224. Backchannel Message From the Ambassador to Vietnam (Bunker) to the President’s Assistant for National Security Affairs (Kissinger)1

933. To the White House Eyes Only Henry A. Kissinger.

1.
General Abrams and I have been working on an overall assessment of the inter-relationship between recent events in Laos, Cambodia and Viet-Nam and on recommendations for courses of action particularly with respect to Cambodia. We have decided to send in the assessment portion alone through State Department channels (Saigon 5182)2 and to provide the recommendations separately through this channel because of their sensitivity. Following are those recommendations, to be read as the concluding portion of the ref message.
2.
We think some selected and judicious help should be given to Cambodia for reasons set forth in the concluding two paragraphs of our assessment.3 Here are our views on the forms that such cooperation might take:
3.
One important area where early help will be needed is in the economic field. We should engage in quiet discussions with Japan, Australia, Malaysia and Indonesia as to how we might help. One possibility might be a special fund attached to the ADB.
4.
We recognize the cross-border operations and other forms of cross-border cooperation are a very delicate business. As indicated in our assessment the Cambodian Government cannot request or welcome [Page 799] them openly—indeed they might request them secretly and criticize them publicly—and we also understand that such operations create problems in the U.S. whether conducted by GVN or U.S. forces. We expect such operations would create especially intractable problems if conducted in thickly inhabited areas of Cambodia. The VC/NVA are often established in or near Cambodian villages, and air attack against such positions for instance would create an outcry that we must be careful to avoid. We are also quite aware from recent experience that most cross-border operations cannot be concealed.
5.
The purpose of cross-border operations, as we have stated, should be to induce uncertainty and worry in the enemy that we may take advantage of his exposed position if he commits himself too deeply into Cambodia in actions against the Cambodian forces. A subsidiary purpose, which can be served at the same time, is to restrain the South Vietnamese forces from ill-considered actions across the border which could be dangerous or unprofitable and would result in friction between them and us. We can only exercise control if we sit down with the South Vietnamese and plan jointly for cross-border operations and contingencies. We regard this as exceedingly important.
6.
There are some cross-border operations which could be undertaken with military profit. These would be in unpopulated areas where we could strike selected bases, headquarters, communications centers and supply lines. On the ground reliance should be on Vietnamese forces. The main U.S. effort should be in air and artillery support and operational planning. We have in mind targets where there is virtually no population other than enemy military personnel.
7.
There may also develop military opportunities and/or political and psychological requirements which call for penetrations across the border. For example in certain tactical contingencies we might help the Cambodian forces by allowing ARVN units to engage in shallow penetrations of the border, to a degree just sufficient to prevent the enemy from discounting the threat to his rear.
8.
It seems from here that what we need now are preparations and where necessary the initiation of selected and limited actions to meet three ends:
A.
To signal to the enemy that we are not prepared to stand idle if they pursue a policy of military or insurrectionary pressure against the Lon Nol government;
B.
To avoid serious strains in our relations with the GVN that are bound to develop if we try to clamp total restraints on them; and
C.
To give encouragement to the Lon Nol government at a time when they are most in need of it.

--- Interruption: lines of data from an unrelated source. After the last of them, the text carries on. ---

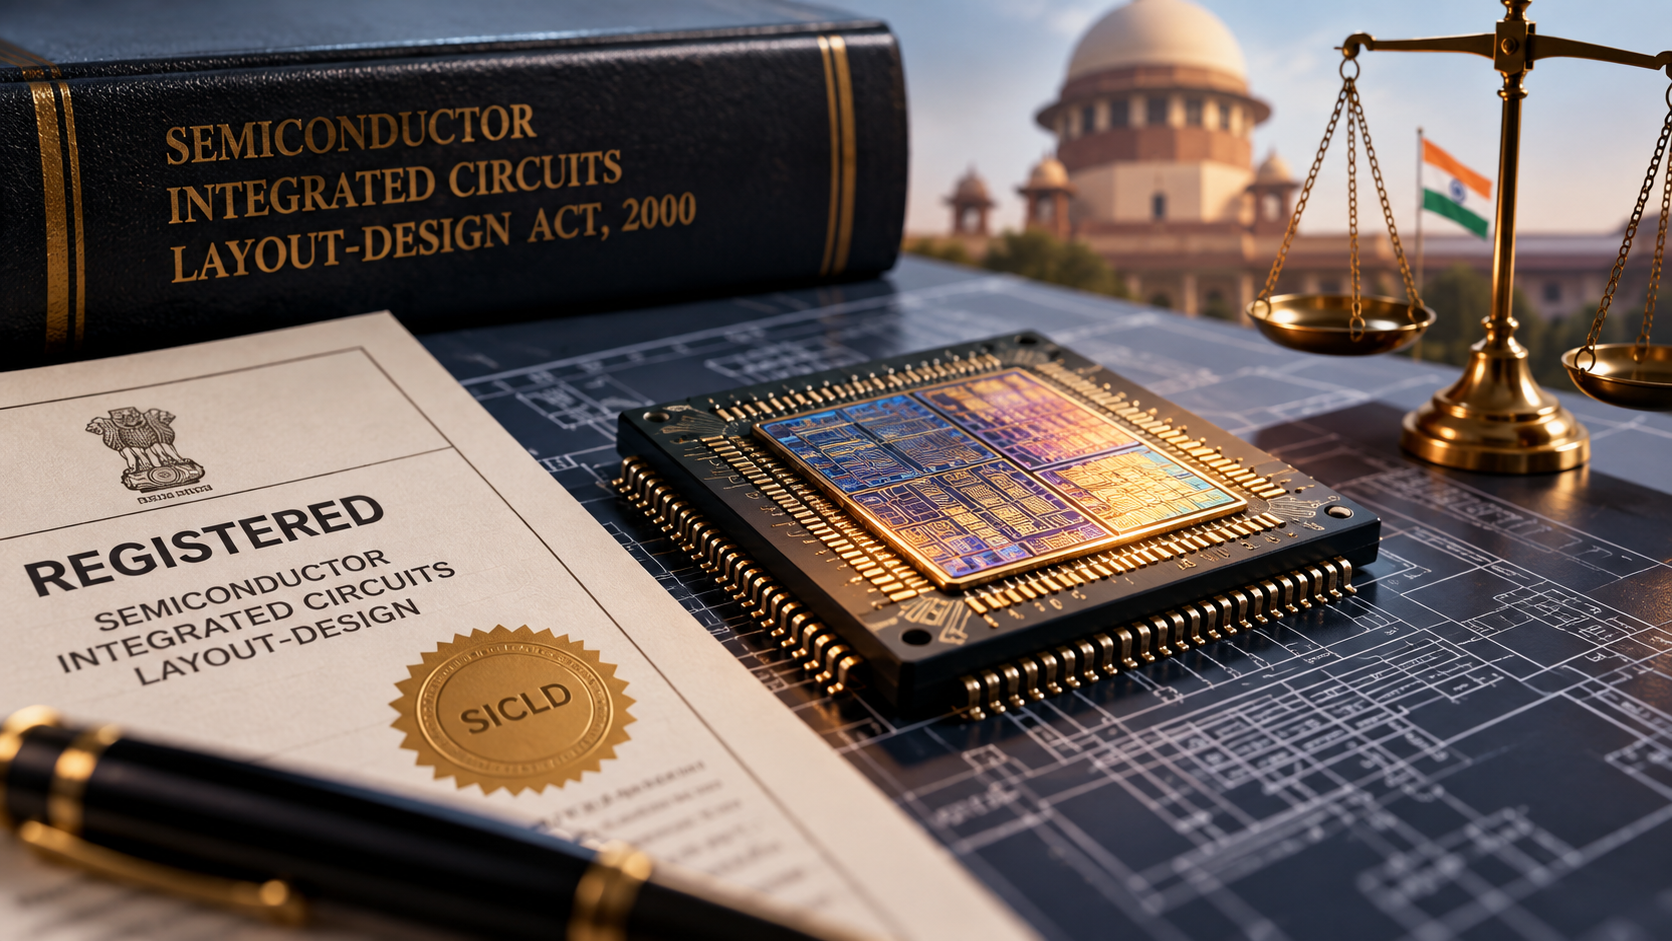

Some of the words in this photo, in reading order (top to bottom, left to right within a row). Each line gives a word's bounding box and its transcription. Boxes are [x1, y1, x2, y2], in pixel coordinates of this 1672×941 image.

[166, 103, 539, 166] SEMICONDUCTOR
[167, 165, 438, 225] INTEGRATED
[448, 149, 623, 198] CIRCUITS
[170, 215, 512, 284] LAYOUT-DESIGN
[527, 202, 610, 243] ACT,
[621, 191, 697, 232] 2000
[24, 494, 385, 598] REGISTERED
[56, 601, 294, 674] INTEGRATED
[302, 561, 456, 612] CIRCUITS
[93, 548, 392, 632] SEMICONDUCTOR
[133, 597, 421, 687] LAYOUT-DESIGN
[460, 682, 573, 735] SICLD

  1. Source: National Archives, Nixon Presidential Materials, NSC Files, Box 410, Backchannel Messages, Southeast Asia, 1970. Top Secret; Sensitive; Eyes Only.

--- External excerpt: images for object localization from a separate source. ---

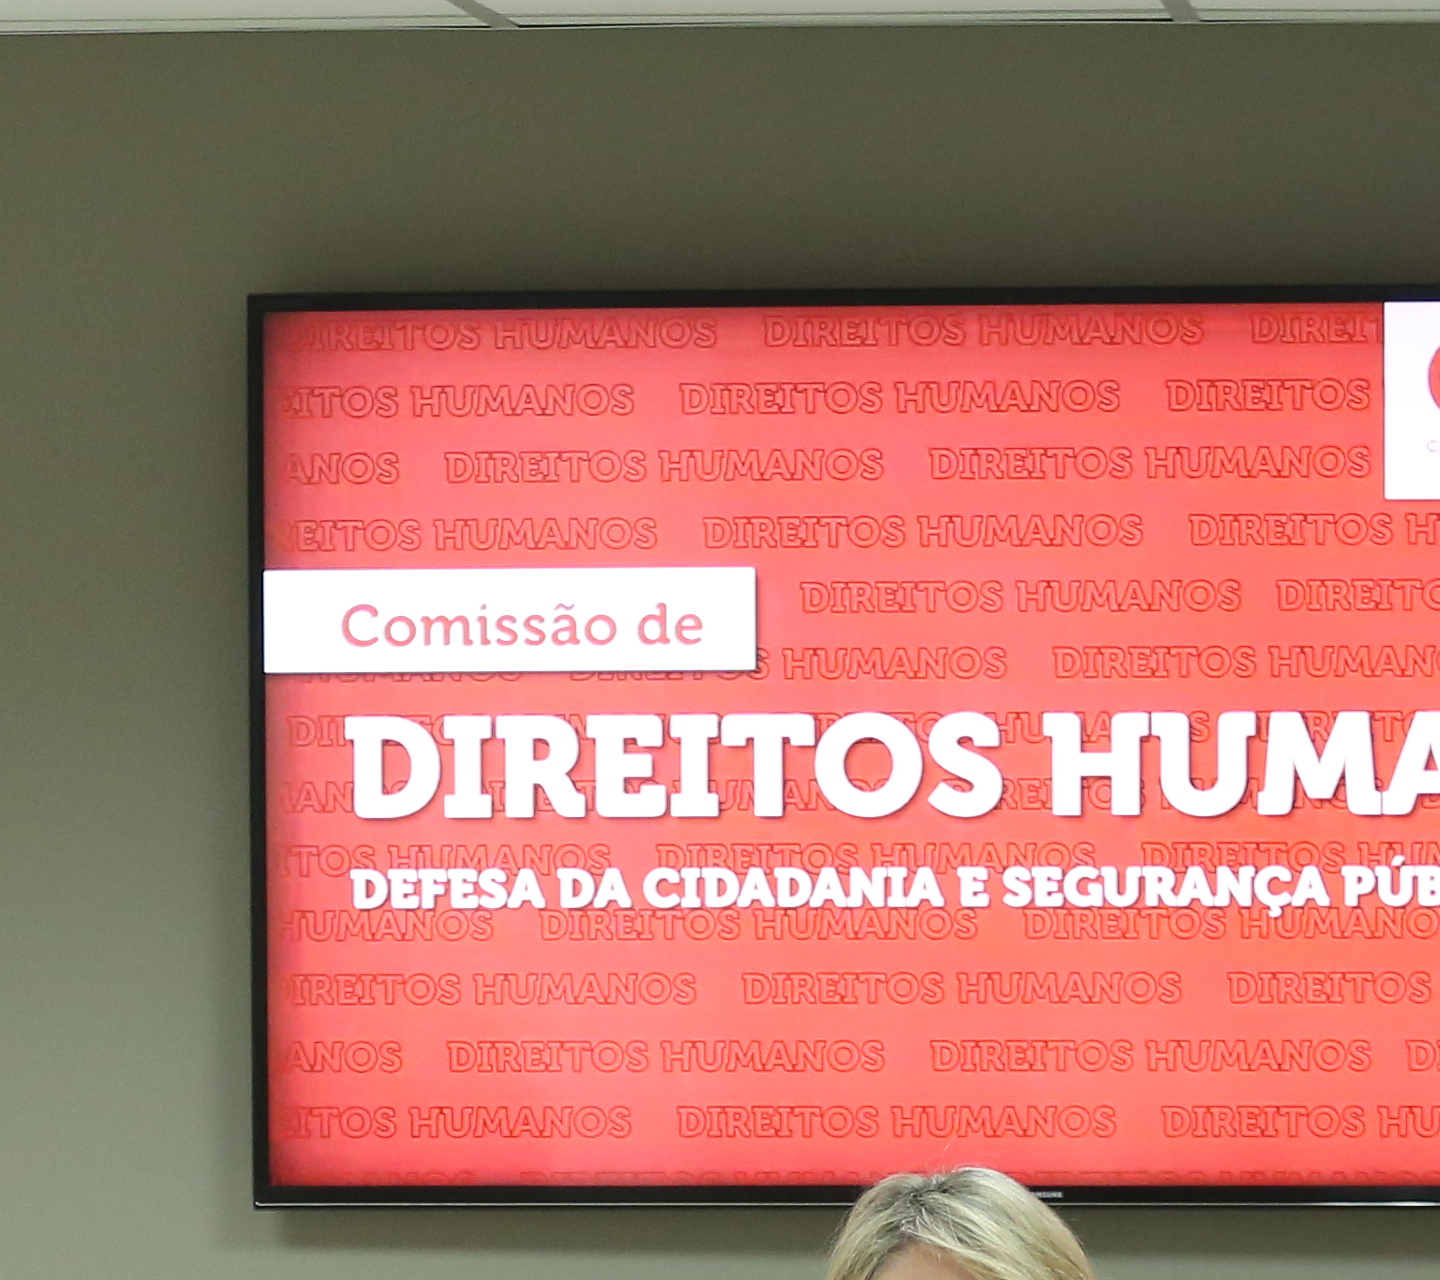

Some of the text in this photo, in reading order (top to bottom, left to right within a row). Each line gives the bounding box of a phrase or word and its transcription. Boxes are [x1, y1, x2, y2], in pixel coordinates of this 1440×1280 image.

[494, 317, 718, 350] HUMANOS
[762, 314, 967, 348] DIREITOS
[977, 312, 1204, 346] HUMANOS
[283, 378, 1370, 419] ITOS HUMANOS DIREITOS HUMANOS DIREITOS
[444, 449, 647, 484] DIREITOS
[658, 448, 885, 482] HUMANOS
[928, 445, 1134, 480] DIREITOS
[1144, 444, 1371, 478] HUMANOS
[433, 517, 658, 550] HUMANOS
[701, 514, 906, 549] DIREITOS
[916, 512, 1144, 547] HUMANOS
[1188, 511, 1394, 546] DIREITOS
[799, 579, 1005, 613] DIREITOS
[1014, 578, 1243, 613] HUMANOS
[340, 601, 705, 648] Comissão de
[781, 646, 1009, 680] HUMANOS
[1051, 645, 1257, 679] DIREITOS
[344, 711, 1003, 820] DIREITOS
[387, 843, 613, 875] HUMANOS
[349, 867, 546, 911] DEFESA
[556, 866, 633, 910] DA
[641, 864, 945, 910] CIDADANIA
[957, 864, 990, 908] E
[1002, 864, 1331, 919] SEGURANÇA
[536, 910, 741, 942] DIREITOS
[752, 909, 979, 941] HUMANOS
[1023, 909, 1227, 941] DIREITOS
[472, 972, 698, 1006] HUMANOS
[741, 971, 945, 1006] DIREITOS
[955, 971, 1184, 1005] HUMANOS
[1226, 970, 1433, 1005] DIREITOS
[446, 1040, 650, 1074] DIREITOS
[660, 1039, 886, 1073] HUMANOS
[929, 1039, 1134, 1073] DIREITOS
[1144, 1038, 1373, 1073] HUMANOS
[284, 1106, 398, 1140] ITOS
[408, 1105, 633, 1139] HUMANOS
[675, 1105, 880, 1139] DIREITOS
[890, 1104, 1118, 1139] HUMANOS
[1160, 1104, 1366, 1139] DIREITOS

  2. Telegram 5182 from Saigon, April 7, is ibid., RG 59, Central Files 1970–73, POL 27 ASIA SE. NSC staff member David McManis summarized the telegram for Kissinger and sent it through Haig, who characterized Bunker’s assessment as “a hard line view!” (Ibid., Nixon Presidential Materials, NSC Files, Box 145, Vietnam Country Files, Vietnam, April 1, 1970)
  3. The last two paragraphs of telegram 5182 from Saigon read: “As seen from Saigon, it is in our interest to keep the Lon Nol Government in being because it will cooperate less with the VC/NVA than any likely successor government. We think this is true even if Lon Nol came to a limited accommodation with the enemy. The most likely alternative government to Lon Nol would be a government completely subservient to the Communists if not controlled by them.
    “In the military field, we should so conduct ourselves as to induce uncertainty and worry in the enemy that we may take advantage of his exposed position if he commits himself too deeply into Cambodia in action against the Cambodian forces.” Bunker concluded that there were courses that could achieve this end while also reassuring and encouraging the Cambodians. He agreed with the Embassy in Phnom Penh, that assistance to Cambodia should depend on evidence that the Cambodians were doing all they could themselves.